That is true in war. That is true in religion. And that, well, Amanda, it ruined my life again. Thank you for that. You're welcome. Yeah. This is a central bummer of the last 10 years of my work. It's like you can't give up on people. I mean, you can. You can and you do and I do. But, you know, there's a cost. Mm-hmm.

And I think when it was framed as the cost is always the most vulnerable, the people who don't get to decide whether they're going to give up or not is what reframed everything for me. What do you want people to know about conflict? How would you start this conversation? Let's say you were on a podcast. It was only going to be an hour long. Okay. How would you frame the importance of understanding conflict differently? Why do we have to care besides what we just said?

You know, I'm going to answer that differently than I have before, because I think there's an objection in people's heads and I would rather just address it directly. Right. And one of the objections I hear is how does this have anything to do with power and racism and sexism? And, you know, there are these huge injustices that we are trying to fight. And like, how does this help? I mean, maybe I need to be severed from different groups and protected from different groups. Right. And so, yeah.

That objection, I think it's better to just talk about it, I'm starting to think, as opposed to wait for someone to raise it. And the first answer to that is, you're right. There are times for sure, and people with whom you should not engage. Absolutely, right? The second answer, I think, and the one I'm trying to articulate better each day, is that we fight our fights individually.

On two levels, right? We fight them out in public or in our interactions, interpersonal dramas, right? But also internally.
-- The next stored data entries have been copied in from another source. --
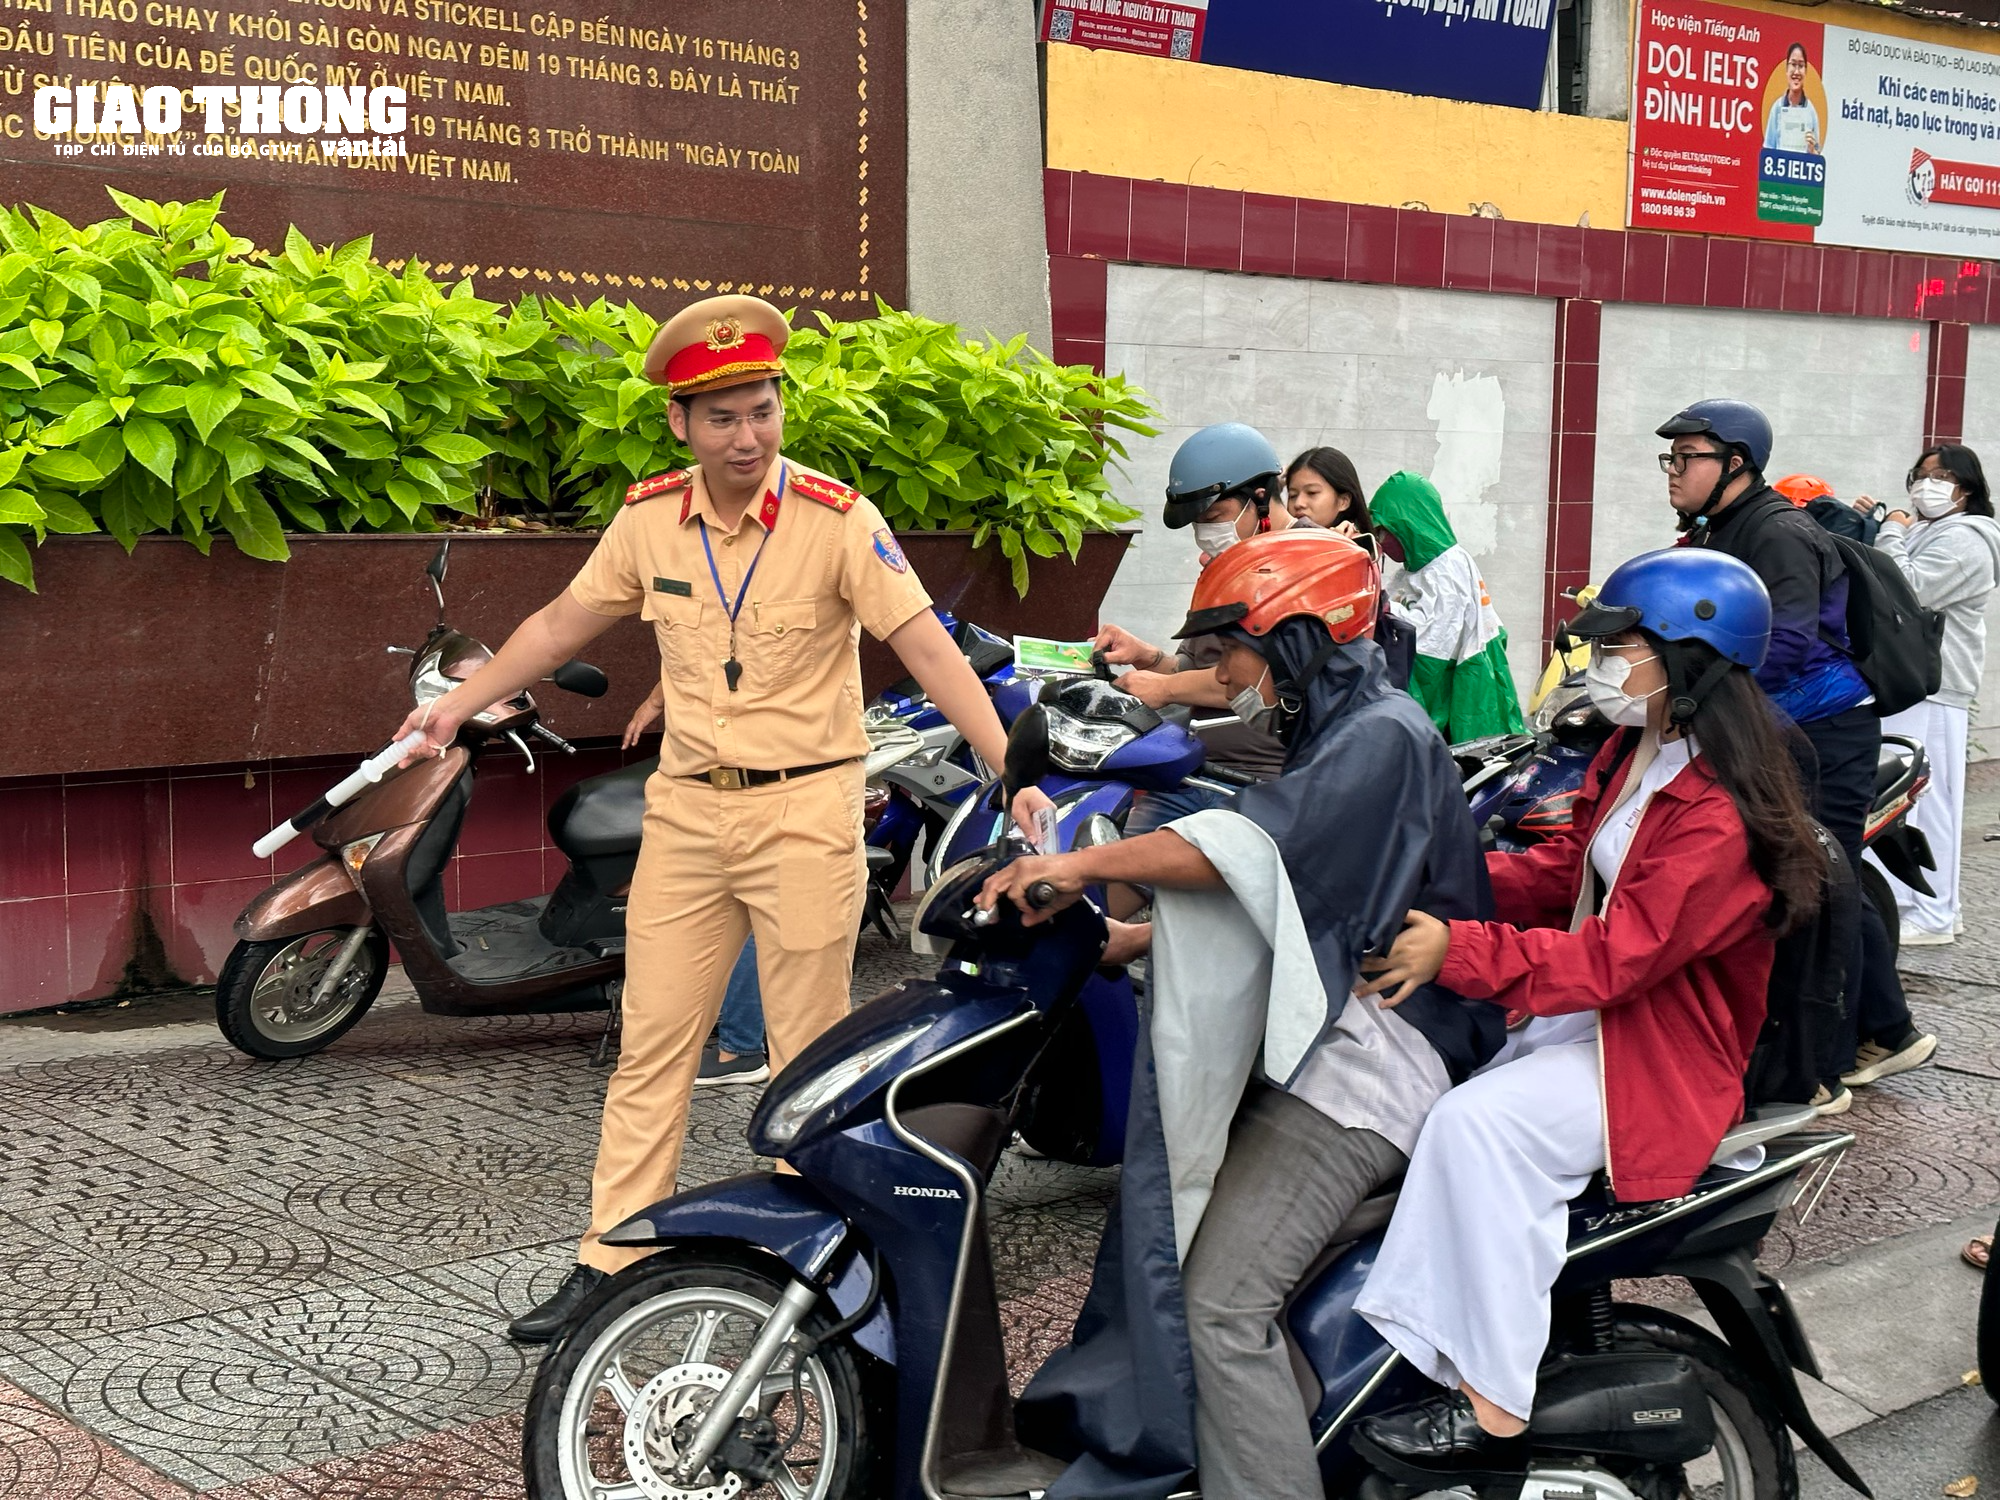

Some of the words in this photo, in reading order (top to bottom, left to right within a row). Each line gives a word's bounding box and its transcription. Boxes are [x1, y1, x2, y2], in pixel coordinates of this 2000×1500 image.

[415, 0, 526, 33] STICKELL
[530, 11, 575, 41] CẬP
[580, 15, 624, 46] BẾN
[630, 26, 687, 54] NGÀY
[692, 37, 714, 58] 16
[717, 38, 785, 68] THÁNG
[790, 50, 799, 70] 3
[1651, 9, 1675, 31] Học
[1677, 14, 1701, 36] viện
[1704, 18, 1736, 43] Tiếng
[1736, 24, 1760, 43] Anh
[0, 19, 54, 55] ĐẦU
[62, 31, 126, 63] TIÊN
[135, 36, 193, 71] CỦA
[200, 44, 236, 76] ĐẾ
[244, 52, 318, 85] QUỐC
[326, 62, 362, 87] MỸ
[370, 62, 388, 90] Ở
[395, 70, 447, 102] VIỆT
[454, 80, 511, 107] NAM.
[146, 2, 219, 34] CHẠY
[228, 9, 291, 42] KHỎI
[299, 18, 339, 48] SÀI
[346, 24, 400, 55] GÒN
[408, 35, 472, 63] NGAY
[480, 42, 529, 71] ĐÊM
[537, 53, 560, 75] 19
[566, 55, 640, 86] THÁNG
[647, 67, 664, 89] 3.
[670, 66, 712, 94] ĐÂY
[718, 72, 743, 98] LÀ
[749, 76, 799, 105] THẤT
[1648, 41, 1697, 80] DOL
[1703, 50, 1759, 90] IELTS
[1849, 38, 1861, 54] BỘ
[1862, 40, 1882, 56] GIÁO
[1884, 45, 1901, 61] DỤC
[1902, 47, 1912, 61] VÀ
[1932, 54, 1947, 69] TẠO
[1954, 56, 1965, 73] BỘ
[1966, 61, 1981, 73] LAO
[0, 64, 25, 95] Ừ
[1878, 75, 1901, 98] Khi
[1903, 81, 1927, 101] các
[1930, 88, 1949, 105] em
[1952, 87, 1964, 111] bị
[1966, 89, 1996, 115] hoặc
[1644, 81, 1703, 127] ĐÌNH
[1709, 97, 1754, 139] LỰC
[1842, 97, 1864, 120] bắt
[1867, 106, 1892, 129] nạt,
[1896, 107, 1920, 132] bạo
[1922, 111, 1942, 135] lực
[1945, 115, 1977, 141] trong
[1981, 121, 1994, 139] và
[411, 114, 436, 137] 19
[442, 115, 522, 146] THÁNG
[528, 127, 540, 148] 3
[546, 124, 591, 153] TRỞ
[597, 132, 669, 161] THÀNH
[747, 148, 799, 174] TOÀN
[405, 149, 456, 180] VIỆT
[462, 158, 518, 184] NAM.
[1764, 156, 1786, 177] 8.5
[1788, 159, 1823, 182] IELTS
[1941, 171, 1964, 191] HÃY
[1965, 176, 1984, 197] GỌI
[1641, 187, 1726, 206] www.dolenglish.vn
[1641, 203, 1661, 215] 1800
[1685, 207, 1696, 218] 39
[893, 1185, 961, 1199] HONDA
And so what I'm starting to come to is that there's a certain amount of suffering and sadness and anger that we just, we need to go through. If I let myself fall into high conflict in my own head, regardless of what else is going on out here, no matter how atrocious it is,

If I let that happen in my own head, then I suffer twice as much. Do you know what I mean? Yeah. Yeah. Yeah. And so even, you know, people will say to me, well, what about, you know, it's fine for you, but what about when there's a real power imbalance? And I say, you know, I was talking to a former guerrilla member in Columbia. So she was a member of the FARC, which is the biggest guerrilla group in Columbia in their 50 year civil war.
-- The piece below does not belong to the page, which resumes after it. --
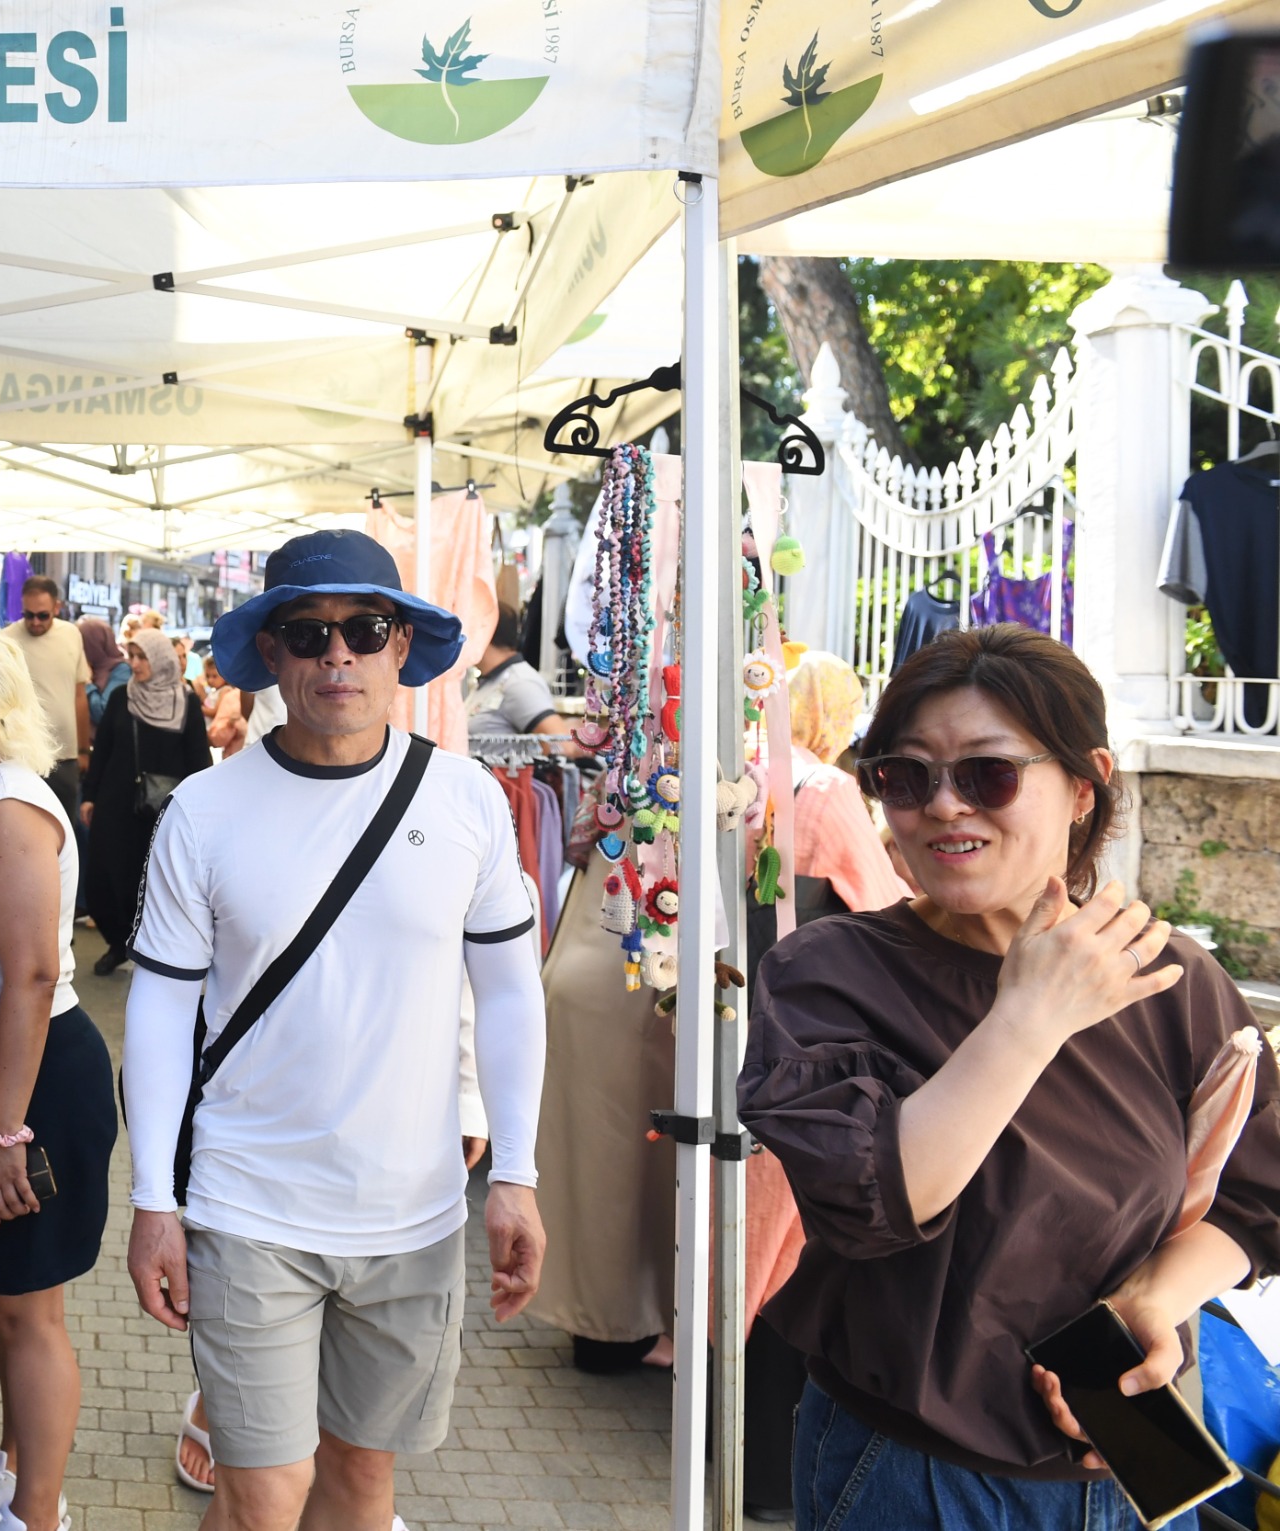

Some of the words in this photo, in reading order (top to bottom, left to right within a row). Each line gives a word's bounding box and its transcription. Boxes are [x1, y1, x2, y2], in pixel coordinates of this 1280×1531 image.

[339, 7, 361, 74] BURSA
[543, 26, 561, 64] 1987
[871, 12, 884, 57] 1987
[731, 50, 747, 120] BURSA
She did not have a lot of power living in the jungle. I mean, she had weapons, but she did not have a lot of institutional power. And what she told me was, once I got out of that high conflict, because she voluntarily, for a bunch of reasons, voluntarily left the conflict and disarmed, she kept fighting the fight she was on, which was a fight for fairness and a fight on behalf of poor people in Colombia. It's not like she stopped fighting that fight. What changed is she could sleep at night. Mm-hmm.

So even though she was wildly outgunned, literally, and those are big problems that need to get fixed at a system level, there was a way in which she was fighting that fight more effectively. And also, it's just better for your soul, you know? God, I love that. What is high conflict? Because my understanding is conflict is better than no conflict, right?

Yes. Right. That's important. Ding, ding, ding. Yes. Okay. People who just are having no conflict. No good. Are not necessary. No good. Not even trying. Not even trying. Yeah.

Can I read this quote about no conflict? Because I think it applies in relationships and marriage and politics and everything. You said, people who try to live without any conflict, who never argue or mourn, tend to implode sooner or later, as any psychologist will tell you. Living without conflict is like living without love, cold and eventually unbearable. That is the same kind of can't sleep at night as

as high conflict when you're so empty and disconnected and you haven't done that work with anyone that will keep you up at night just like high conflict takes residence in your brain and keeps you up at night so yeah I love you making that

I actually hadn't made that connection, but you're right, Amanda. There's a loneliness to both because you're not showing yourself and you're not seeing the other person. In high conflict, the other person is a caricature, right? So you're not seeing the complexity. And in no conflict, no one's seeing you, right? And so there's a way in which you're very much alone with no conflict. So

Yeah, to define high conflict, basically it comes from the research into conflict. There's something called intractable conflict or malignant conflict or high conflict. They're all roughly the same idea. And basically it's conflict that becomes conflict for conflict's sake, where it escalates to a point where it takes on a life of its own. It's usually an us versus them conflict. And the main thing is we make a ton of mistakes. So all our normal cognitive biases get much, much worse.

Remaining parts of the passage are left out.